* **Available data**
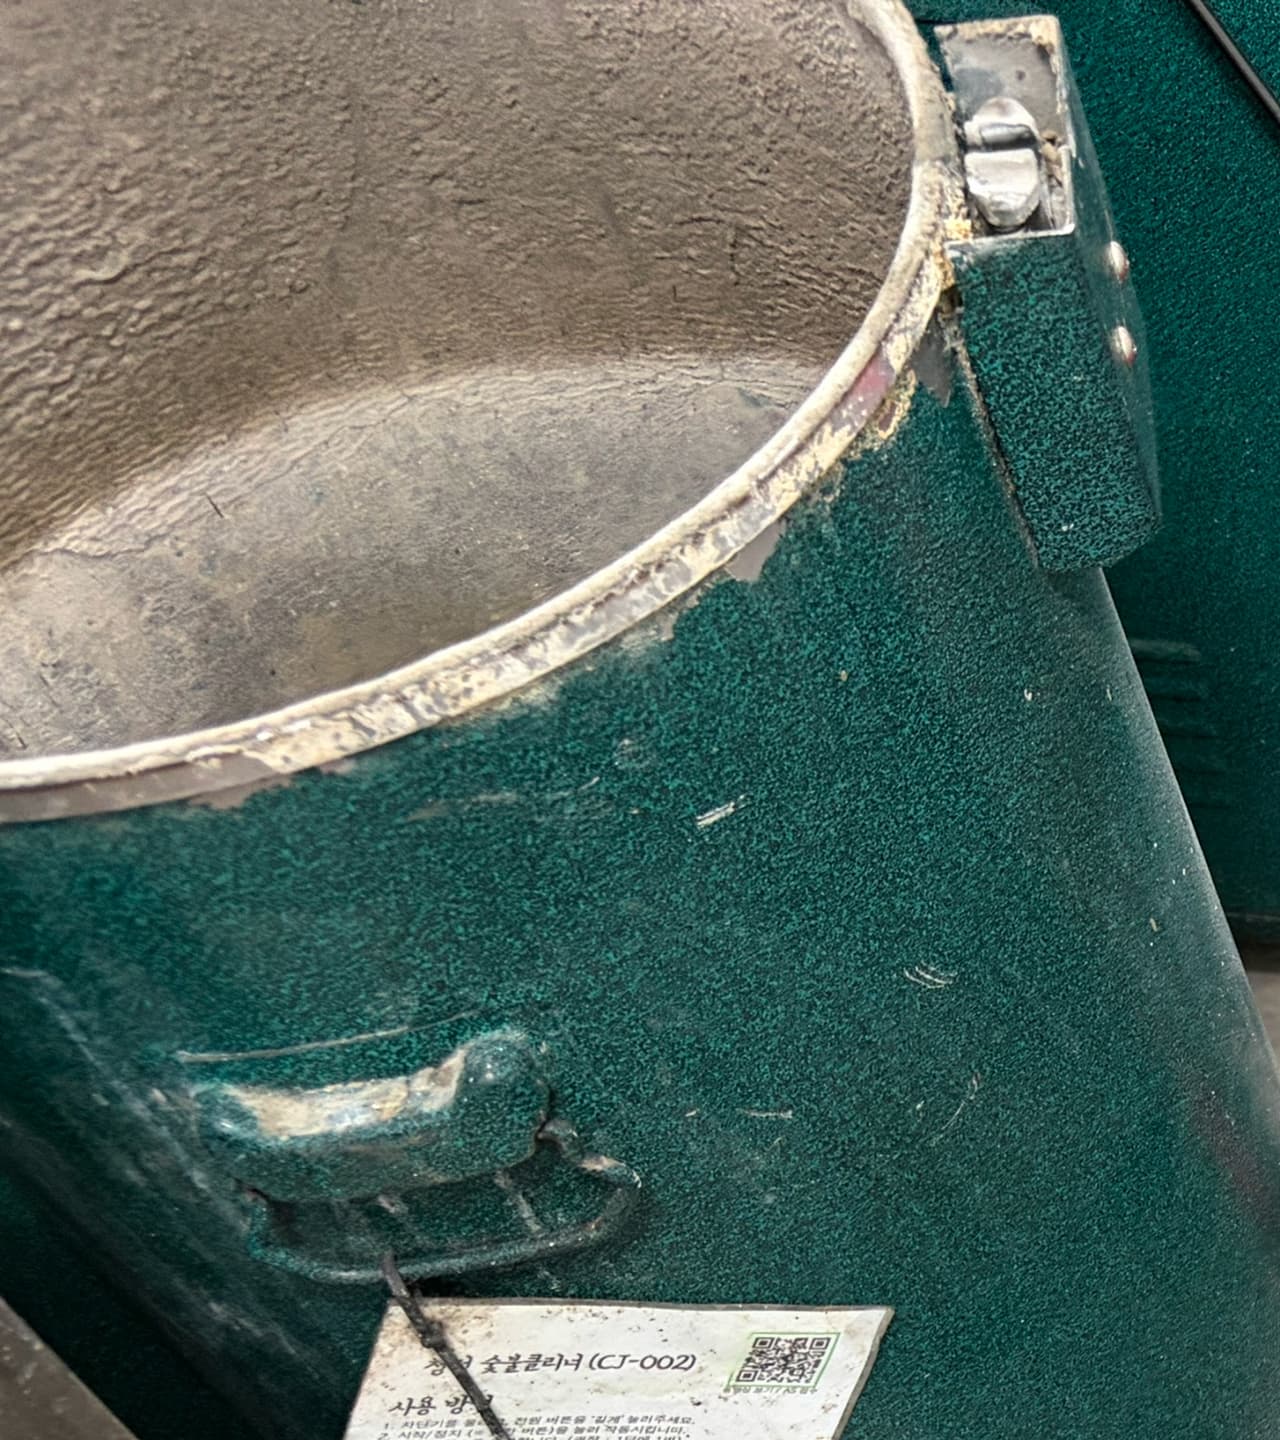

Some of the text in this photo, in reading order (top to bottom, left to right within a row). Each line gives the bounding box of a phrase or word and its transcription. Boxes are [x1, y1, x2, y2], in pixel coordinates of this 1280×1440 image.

[481, 1353, 583, 1374] 숯불클리너
[589, 1353, 696, 1371] (CJ-002)
[388, 1396, 436, 1416] 사용
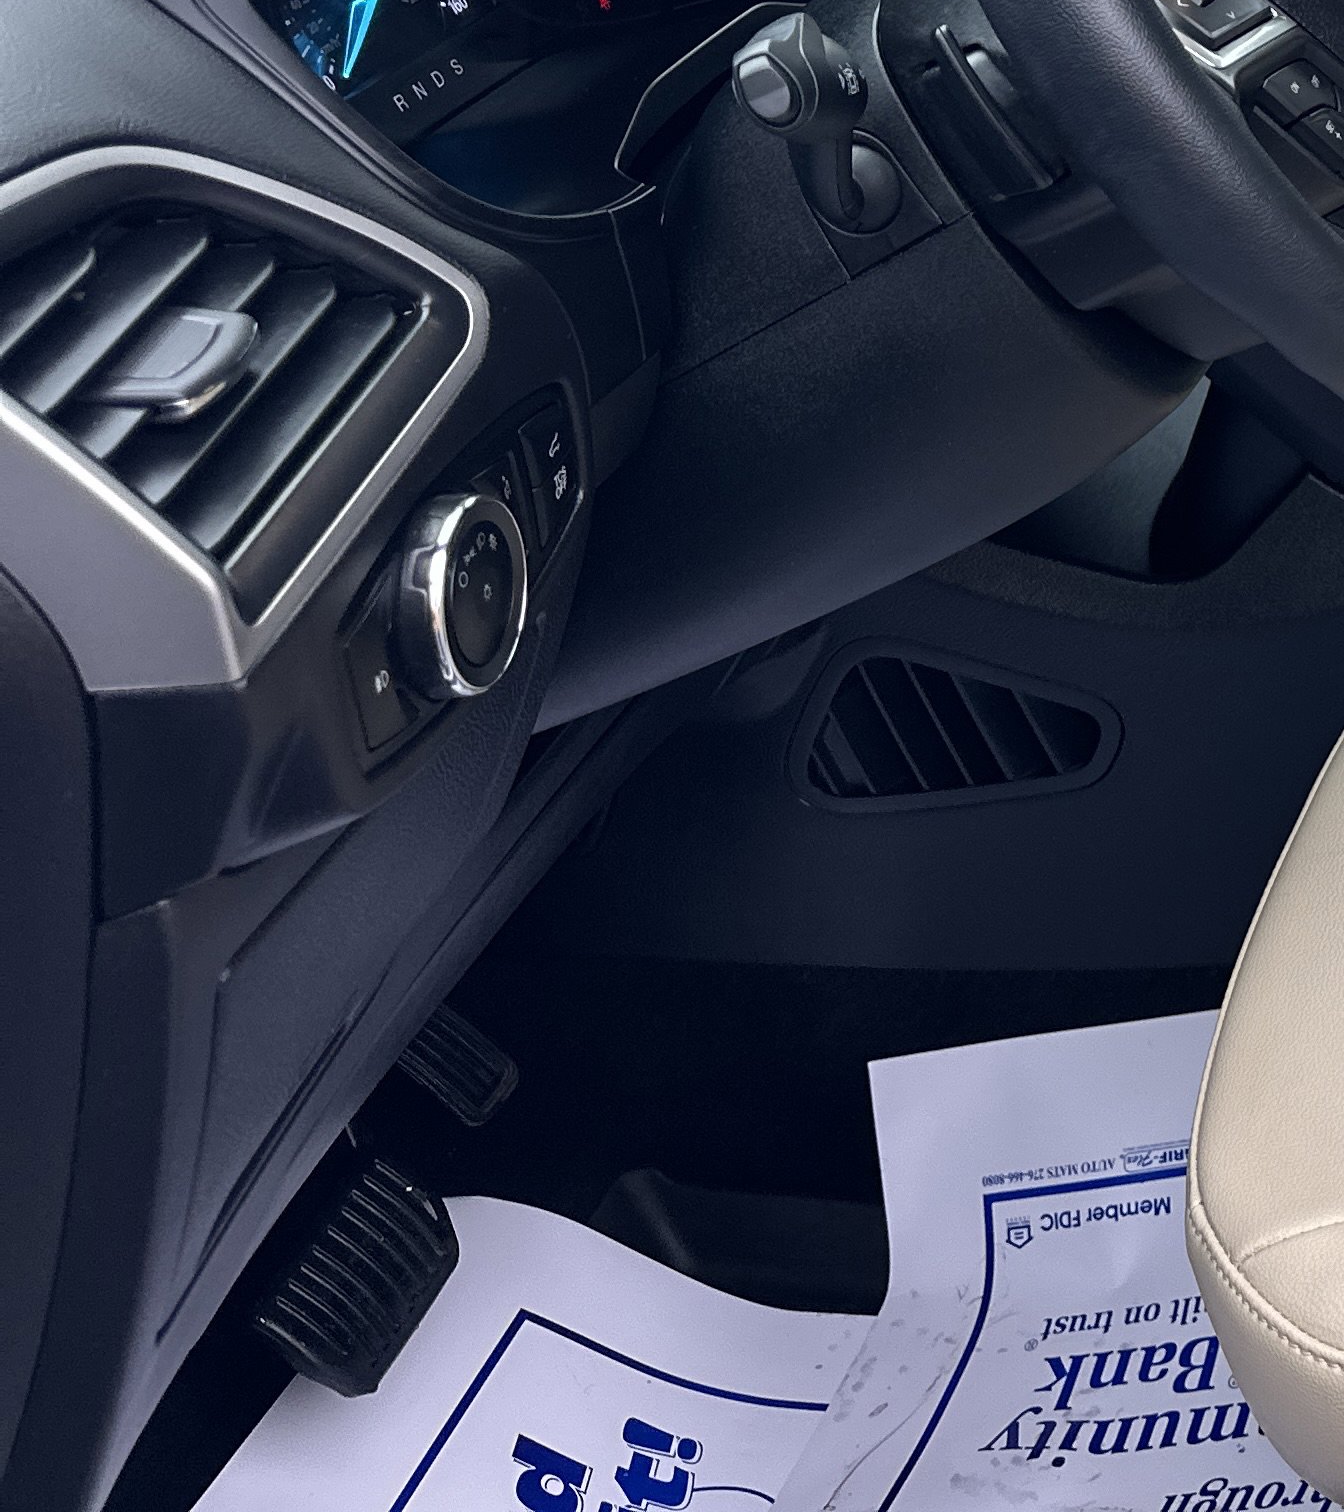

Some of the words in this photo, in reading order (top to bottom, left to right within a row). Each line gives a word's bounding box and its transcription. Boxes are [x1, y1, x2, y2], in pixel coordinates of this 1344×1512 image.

[322, 75, 336, 92] 0
[393, 94, 409, 112] R
[412, 81, 428, 100] N
[430, 70, 445, 88] D
[450, 58, 464, 75] S
[1047, 1163, 1079, 1179] MATS
[1081, 1158, 1116, 1175] AUTO
[1040, 1209, 1081, 1232] FDIC
[1086, 1196, 1171, 1222] Member
[1124, 1302, 1160, 1326] on
[1170, 1296, 1207, 1326] ilt
[1040, 1310, 1113, 1341] trust
[1034, 1335, 1219, 1410] Bank
[978, 1402, 1262, 1468] munity
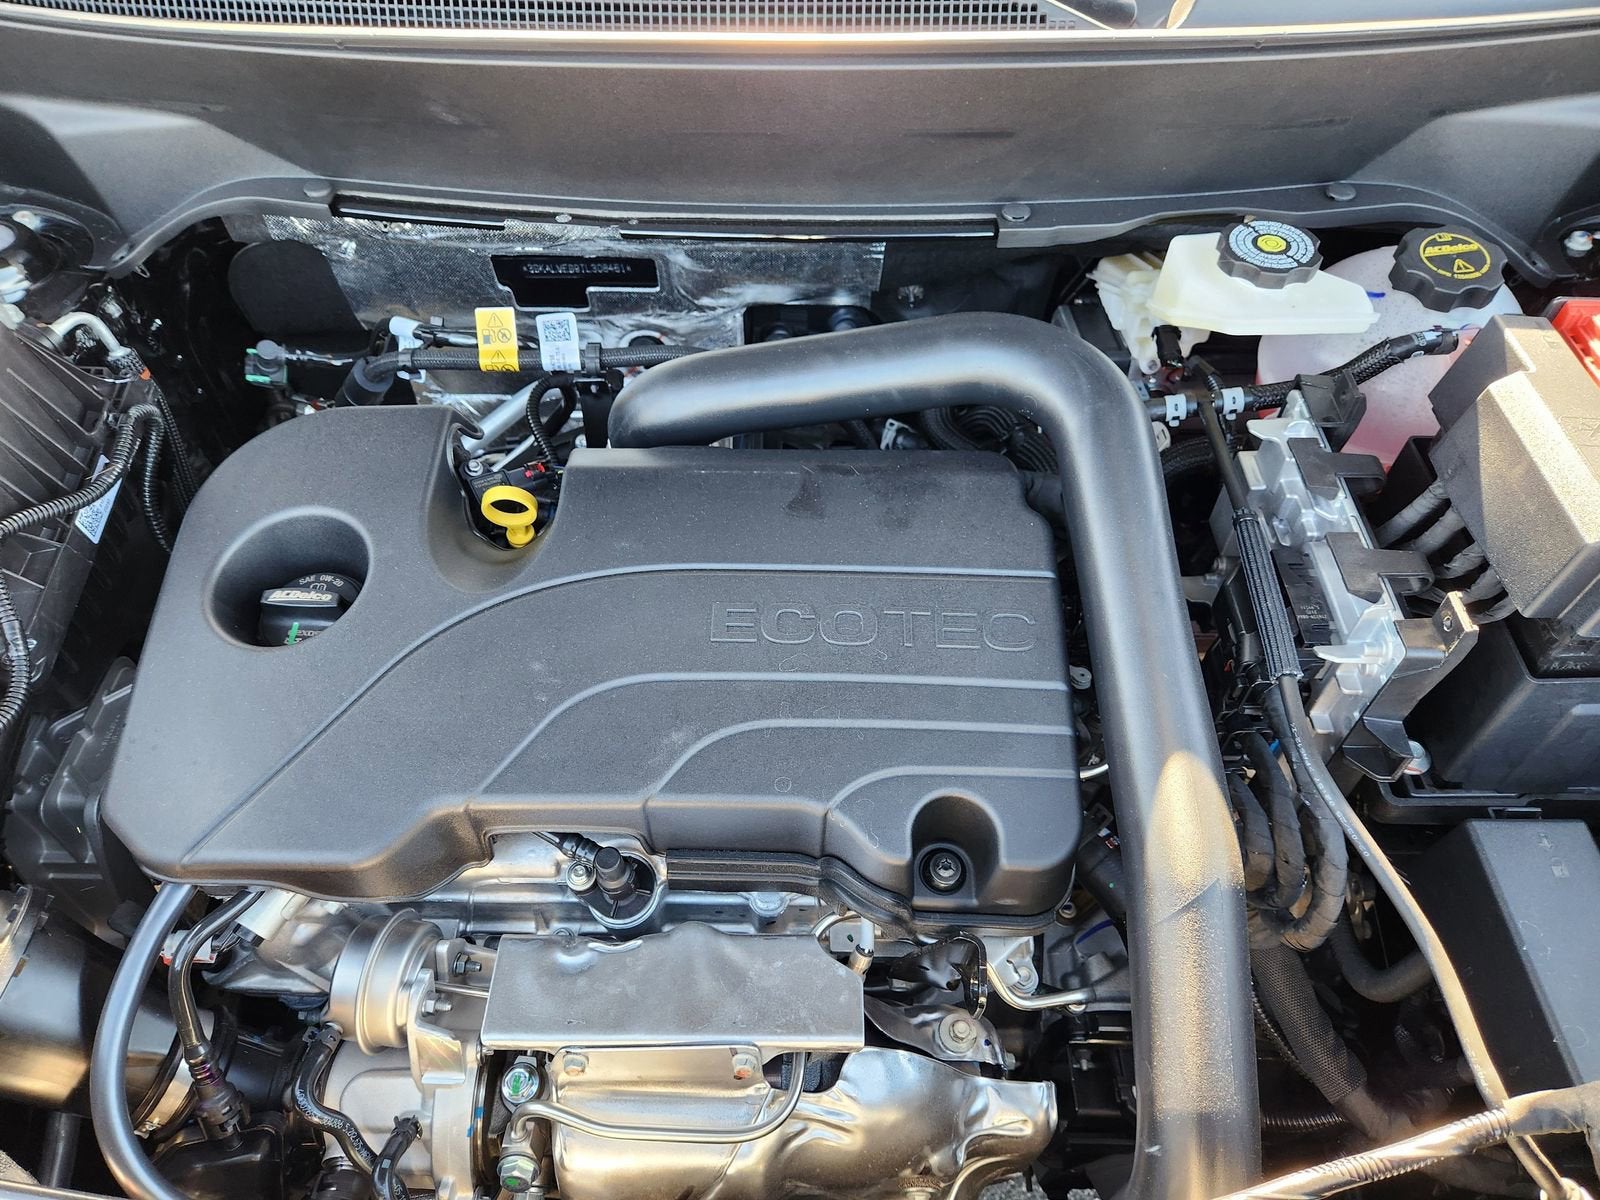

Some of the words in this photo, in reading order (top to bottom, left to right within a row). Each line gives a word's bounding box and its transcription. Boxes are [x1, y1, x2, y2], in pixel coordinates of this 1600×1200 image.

[1424, 244, 1479, 257] ACDelco
[299, 575, 316, 585] SAE
[319, 575, 344, 587] 0W-20
[267, 590, 332, 601] ACDelco
[710, 600, 1037, 651] ECOTEC

* **What is required**
Reproduce verbatim only the lines from the one holding "this 1600×1200 image." through the end of the records.

* **Exercise result**
Some of the words in this photo, in reading order (top to bottom, left to right within a row). Each line gives a word's bounding box and its transcription. Boxes are [x1, y1, x2, y2], in pixel coordinates of this 1600×1200 image.

[1424, 244, 1479, 257] ACDelco
[299, 575, 316, 585] SAE
[319, 575, 344, 587] 0W-20
[267, 590, 332, 601] ACDelco
[710, 600, 1037, 651] ECOTEC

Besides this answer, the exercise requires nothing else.